Repeat each entry word for word. Leave any images out of the copy.

DATA FOR REVIEW
######

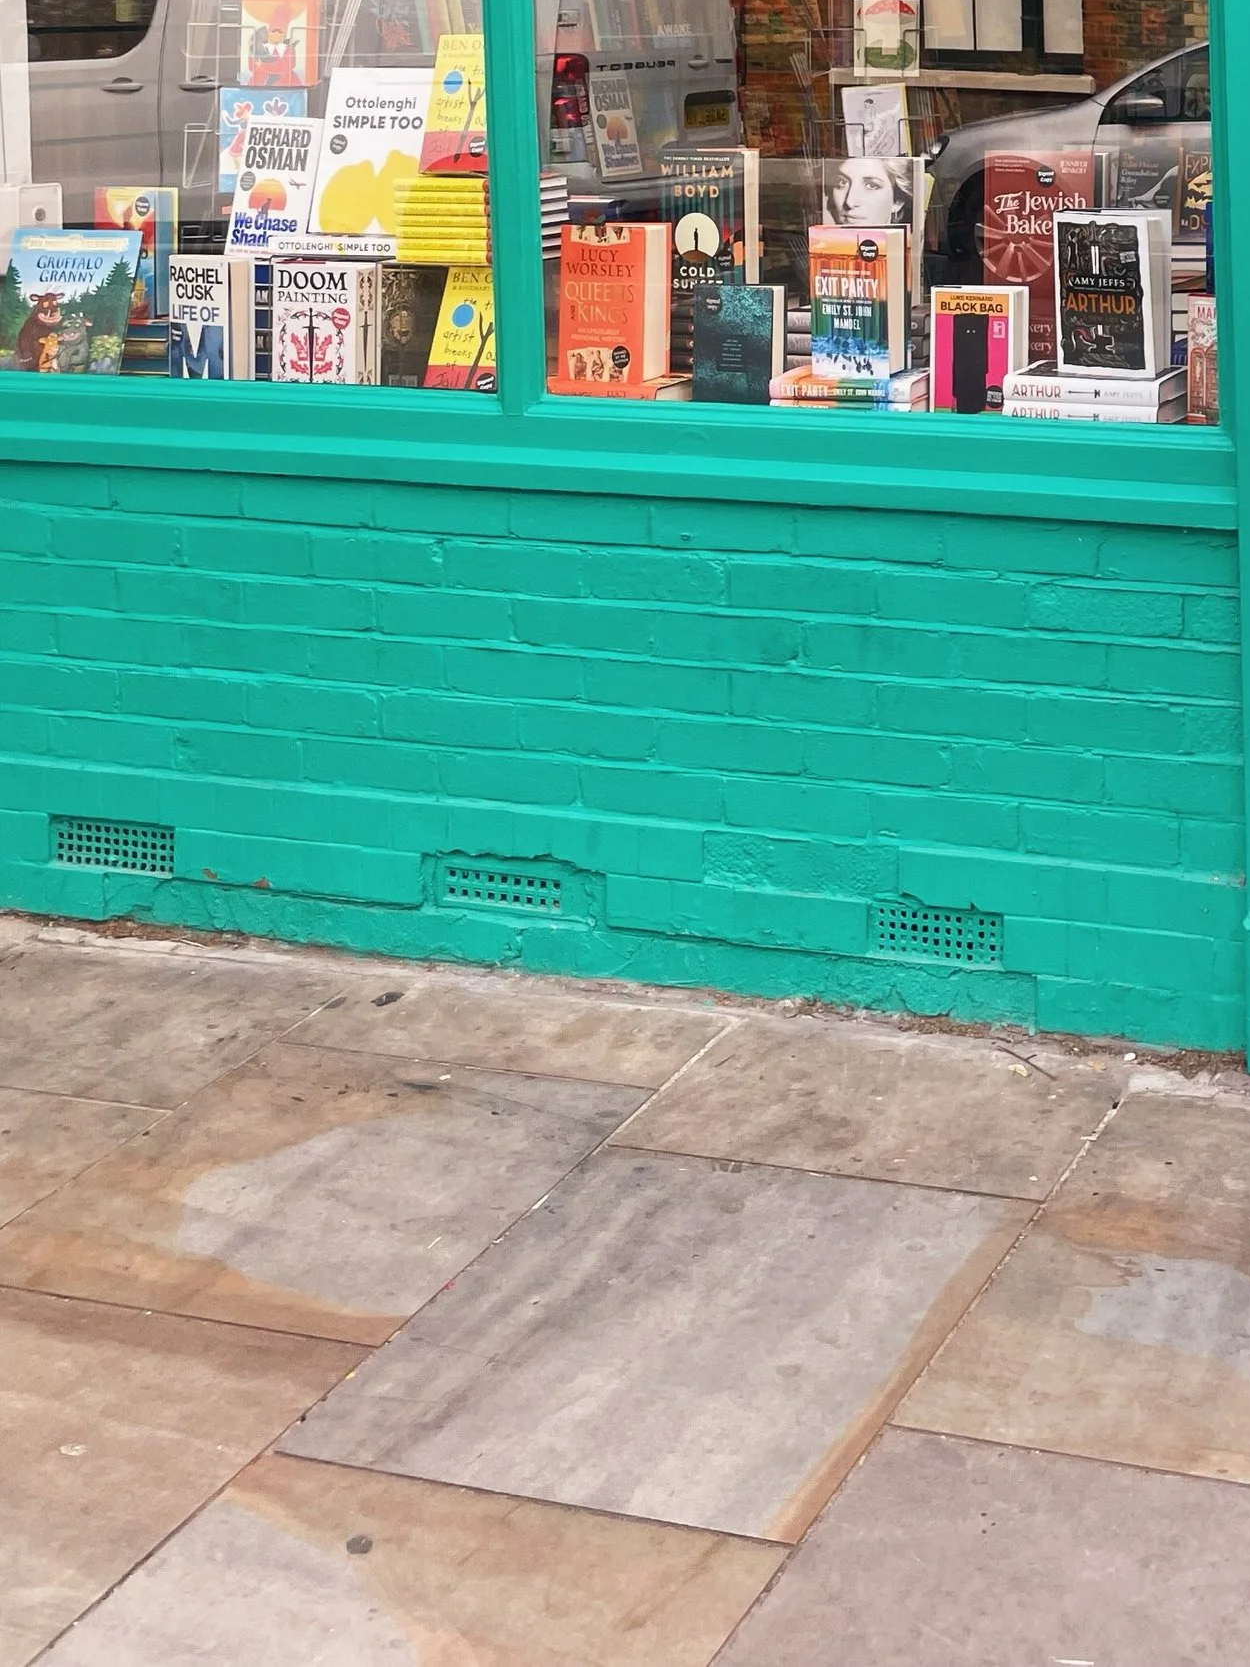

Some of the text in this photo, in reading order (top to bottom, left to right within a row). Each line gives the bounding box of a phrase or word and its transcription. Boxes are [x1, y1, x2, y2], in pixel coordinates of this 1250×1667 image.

[346, 96, 417, 112] Ottolenghi
[332, 114, 424, 131] SIMPLE TOO
[245, 146, 308, 172] OSMAN
[660, 163, 735, 178] WILLIAM
[672, 184, 720, 199] BOYD
[993, 191, 1087, 214] The Jewish
[234, 211, 298, 233] We Chase
[1006, 214, 1054, 235] Bake
[278, 241, 391, 253] OTTOLENGHI SIMPLE TOO
[581, 248, 619, 262] LUCY
[36, 255, 104, 271] GRUFFALO
[566, 261, 635, 277] WORSLEY
[39, 269, 97, 284] GRANNY
[170, 265, 223, 285] RACHEL
[452, 272, 480, 283] BEN
[679, 266, 716, 278] COLD
[278, 269, 348, 291] DOOM
[815, 275, 879, 299] EXIT PARTY
[1074, 277, 1126, 287] AMY JEFFS
[176, 283, 216, 301] CUSK
[277, 290, 349, 304] PAINTING
[822, 303, 872, 317] EMILY ST. JOHN
[940, 301, 1004, 313] BLACK BAG
[1066, 292, 1136, 315] ARTHUR
[172, 304, 221, 323] LIFE OF
[577, 304, 629, 324] KINGS
[833, 318, 861, 331] MANDEL
[443, 328, 475, 342] artist
[801, 385, 829, 398] PARTY
[1011, 384, 1062, 399] ARTHUR
[1104, 390, 1120, 398] AMY

######

SOLUTION FOR THIS TASK
Some of the text in this photo, in reading order (top to bottom, left to right within a row). Each line gives the bounding box of a phrase or word and its transcription. Boxes are [x1, y1, x2, y2], in pixel coordinates of this 1250×1667 image.

[346, 96, 417, 112] Ottolenghi
[332, 114, 424, 131] SIMPLE TOO
[245, 146, 308, 172] OSMAN
[660, 163, 735, 178] WILLIAM
[672, 184, 720, 199] BOYD
[993, 191, 1087, 214] The Jewish
[234, 211, 298, 233] We Chase
[1006, 214, 1054, 235] Bake
[278, 241, 391, 253] OTTOLENGHI SIMPLE TOO
[581, 248, 619, 262] LUCY
[36, 255, 104, 271] GRUFFALO
[566, 261, 635, 277] WORSLEY
[39, 269, 97, 284] GRANNY
[170, 265, 223, 285] RACHEL
[452, 272, 480, 283] BEN
[679, 266, 716, 278] COLD
[278, 269, 348, 291] DOOM
[815, 275, 879, 299] EXIT PARTY
[1074, 277, 1126, 287] AMY JEFFS
[176, 283, 216, 301] CUSK
[277, 290, 349, 304] PAINTING
[822, 303, 872, 317] EMILY ST. JOHN
[940, 301, 1004, 313] BLACK BAG
[1066, 292, 1136, 315] ARTHUR
[172, 304, 221, 323] LIFE OF
[577, 304, 629, 324] KINGS
[833, 318, 861, 331] MANDEL
[443, 328, 475, 342] artist
[801, 385, 829, 398] PARTY
[1011, 384, 1062, 399] ARTHUR
[1104, 390, 1120, 398] AMY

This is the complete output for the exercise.